Onyx Overview
Onyx (by Enzyme Protocol) is a set of EVM-compatible smart contracts to tokenize on- and off-chain value.
The purpose of this document is to provide a high-level overview of the aims, architecture, governance, and idiosyncrasies.
What it does:
creates an ERC20 tokenized representation of shares
supports arbitrary deposit and redeem mechanisms, e.g., async queues
supports customizable fees
supports customizable tracking of credits and debts
What it does NOT do:
monitor, track, or restrict what actually happens with the tokenized value
i.e., the on-chain component of Onyx is only concerned with Shares on/off-boarding, fees, and misc accounting; not asset management itself.
Example
FooBar has wallets spread across Arbitrum, Ethereum, and Solana, and holds US Treasuries off-chain.

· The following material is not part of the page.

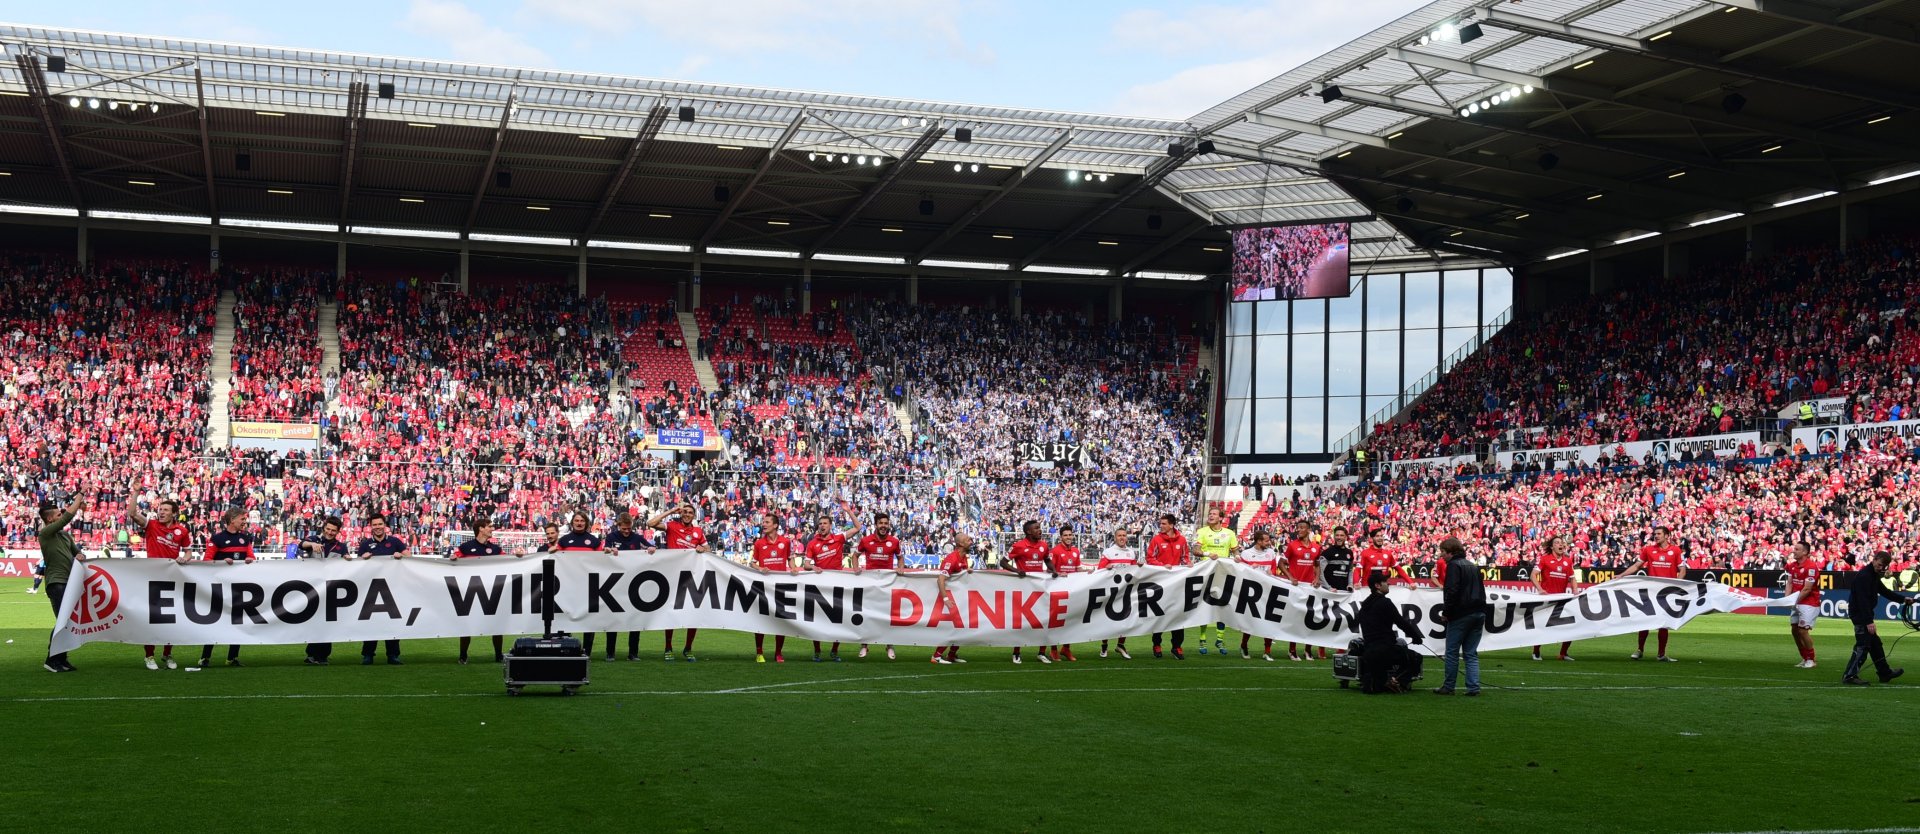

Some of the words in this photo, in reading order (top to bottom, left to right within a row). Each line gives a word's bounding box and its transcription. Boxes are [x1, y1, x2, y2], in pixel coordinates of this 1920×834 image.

FooBar deploys "FBAR" shares on Arbitrum via Onyx. They add a management and performance fee. They add an async deposit requestor and a first-come, first-served redeem queue. FooBar adds a line-item expense of $12,000 for an account administrator, to be written-down linearly over 12 months. After 1 month, FooBar's administrator totals the value of all asset holdings across all on- and off-chain accounts, and posts the total value of holdings. The linear debt simulates a $1,200 (10%) write-down, and then fees are run against the net value. The final NAV share value is stored on-chain.
In the meantime, depositors and redeemers have made requests to their respective deposit and redeem handlers. An administrator executes all requests at the lastest NAV share value.